Ici en compagnie des interprètes Amélie Lemay-Choquette et Annie Deslongchamps, la chorégraphe Liliane Saint-Arnaud, de la compagnie Axile, espère une reprise des spectacles l’automne prochain et prépare même une prestation qui pourrait respecter les règles de distanciation physique et être présentée dans les CHSLD.
Ici en compagnie des interprètes Amélie Lemay-Choquette et Annie Deslongchamps, la chorégraphe Liliane Saint-Arnaud, de la compagnie Axile, espère une reprise des spectacles l’automne prochain et prépare même une prestation qui pourrait respecter les règles de distanciation physique et être présentée dans les CHSLD.

Axile : danser en distanciation sociale

SHERBROOKE – La compagnie de danse Axile souhaite offrir dès l’automne un spectacle de danse respectant la distanciation sociale dans les résidences pour aînés.  

La création du spectacle-atelier Sagesse & folie, composé de quatre chorégraphies, s’est amorcée en 2019. L’œuvre chorégraphiée par Liliane St-Arnaud est inspirée de la solitude ressentie par plusieurs aînés. Le résultat final sera prêt à prendre le large bientôt. 

« Je veux l’adapter pour que ce soit sécuritaire autant pour les interprètes que pour les aînés. Notre but est de le présenter en septembre, mais on ne connait pas encore les mesures à prendre », annonce Liliane St-Arnaud, directrice générale et artistique de la compagnie sherbrookoise.

Le spectacle se déroulera-t-il à l’intérieur ou à l’extérieur? Les danseurs devront-ils porter le masque? Les résidences pour aînés accepteront-elles d’accueillir les artistes à l’intérieur? Ce sont toutes des questions sans réponse avec lesquelles Mme St-Arnaud doit composer actuellement.

« C’est certain qu’on gardera une distance entre les danseurs, car on veut protéger tout le monde. Deux de nos danseurs sont un couple dans la vraie vie, donc ça peut être une solution pour la danse en couple », explique la chorégraphe.

Le spectacle d’une durée d’environ 30 minutes sera suivi d’un atelier de mouvements, où les participants sont amenés à créer des enchaînements selon leur inspiration du moment. 

En ce qui concerne les ateliers pour les 50 ans et plus qui ont dû être annulés, il y a de bonnes chances qu’ils soient repris en automne avec les mesures qui s’imposent, à condition que le gouvernement donne le feu vert d’ici là.  

Un confinement occupé

La compagnie Axile, qui est dans sa 34e année d’existence, a vécu les répercussions de la pandémie en étant contrainte d’annuler les spectacles et les ateliers pour le grand public et les écoles. 

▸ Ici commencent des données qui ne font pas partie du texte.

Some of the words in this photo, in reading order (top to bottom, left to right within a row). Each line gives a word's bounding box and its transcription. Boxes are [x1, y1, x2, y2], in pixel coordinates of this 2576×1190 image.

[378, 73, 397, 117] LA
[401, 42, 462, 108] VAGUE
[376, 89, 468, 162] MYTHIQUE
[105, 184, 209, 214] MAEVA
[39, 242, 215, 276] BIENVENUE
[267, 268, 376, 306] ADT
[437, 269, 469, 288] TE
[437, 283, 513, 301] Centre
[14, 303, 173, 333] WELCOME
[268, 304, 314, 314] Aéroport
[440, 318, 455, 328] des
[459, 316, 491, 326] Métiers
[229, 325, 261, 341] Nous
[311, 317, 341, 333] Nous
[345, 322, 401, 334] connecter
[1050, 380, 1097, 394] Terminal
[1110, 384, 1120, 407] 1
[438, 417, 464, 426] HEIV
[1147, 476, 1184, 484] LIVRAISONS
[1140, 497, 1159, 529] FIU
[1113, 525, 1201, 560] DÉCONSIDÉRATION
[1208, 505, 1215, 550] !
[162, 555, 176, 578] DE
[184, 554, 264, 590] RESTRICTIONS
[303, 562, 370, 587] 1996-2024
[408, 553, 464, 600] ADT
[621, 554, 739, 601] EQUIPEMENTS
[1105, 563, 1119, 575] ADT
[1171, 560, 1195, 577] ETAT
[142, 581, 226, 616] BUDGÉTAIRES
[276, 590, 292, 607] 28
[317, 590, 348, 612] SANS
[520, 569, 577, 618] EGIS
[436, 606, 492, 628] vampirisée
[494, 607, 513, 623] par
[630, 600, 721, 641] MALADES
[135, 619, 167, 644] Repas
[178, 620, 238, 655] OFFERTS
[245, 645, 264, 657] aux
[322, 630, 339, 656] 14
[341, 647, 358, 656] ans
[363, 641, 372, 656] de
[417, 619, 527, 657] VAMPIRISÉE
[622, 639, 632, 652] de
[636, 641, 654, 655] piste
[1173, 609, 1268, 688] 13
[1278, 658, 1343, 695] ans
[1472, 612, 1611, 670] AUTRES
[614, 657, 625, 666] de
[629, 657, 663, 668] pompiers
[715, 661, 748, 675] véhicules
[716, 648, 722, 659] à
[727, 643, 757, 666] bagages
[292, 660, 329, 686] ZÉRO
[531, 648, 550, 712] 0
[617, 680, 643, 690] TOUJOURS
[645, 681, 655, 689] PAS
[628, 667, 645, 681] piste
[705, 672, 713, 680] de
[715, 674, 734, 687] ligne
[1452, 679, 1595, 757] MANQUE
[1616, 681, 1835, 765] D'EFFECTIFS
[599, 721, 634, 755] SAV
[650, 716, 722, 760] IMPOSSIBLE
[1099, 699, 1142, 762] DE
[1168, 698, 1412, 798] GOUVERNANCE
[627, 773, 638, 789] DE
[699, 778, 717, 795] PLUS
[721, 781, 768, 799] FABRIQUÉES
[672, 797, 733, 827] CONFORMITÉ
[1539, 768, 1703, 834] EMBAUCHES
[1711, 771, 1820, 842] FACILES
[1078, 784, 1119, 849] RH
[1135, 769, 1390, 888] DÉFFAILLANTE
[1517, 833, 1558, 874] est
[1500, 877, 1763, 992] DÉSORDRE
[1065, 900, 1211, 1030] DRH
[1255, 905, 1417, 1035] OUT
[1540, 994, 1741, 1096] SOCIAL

« Ç’a été difficile, mais en même temps, on a été très occupés à rechercher des fonds pour retravailler Sagesse & folie avec de nouvelles contraintes, analyser de nouvelles façons de donner nos ateliers, trouver des solutions pour être en mesure de payer les danseurs, etc. On a un gros travail préparatoire à faire pour planifier la reprise de nos activités », explique Liliane St-Arnaud.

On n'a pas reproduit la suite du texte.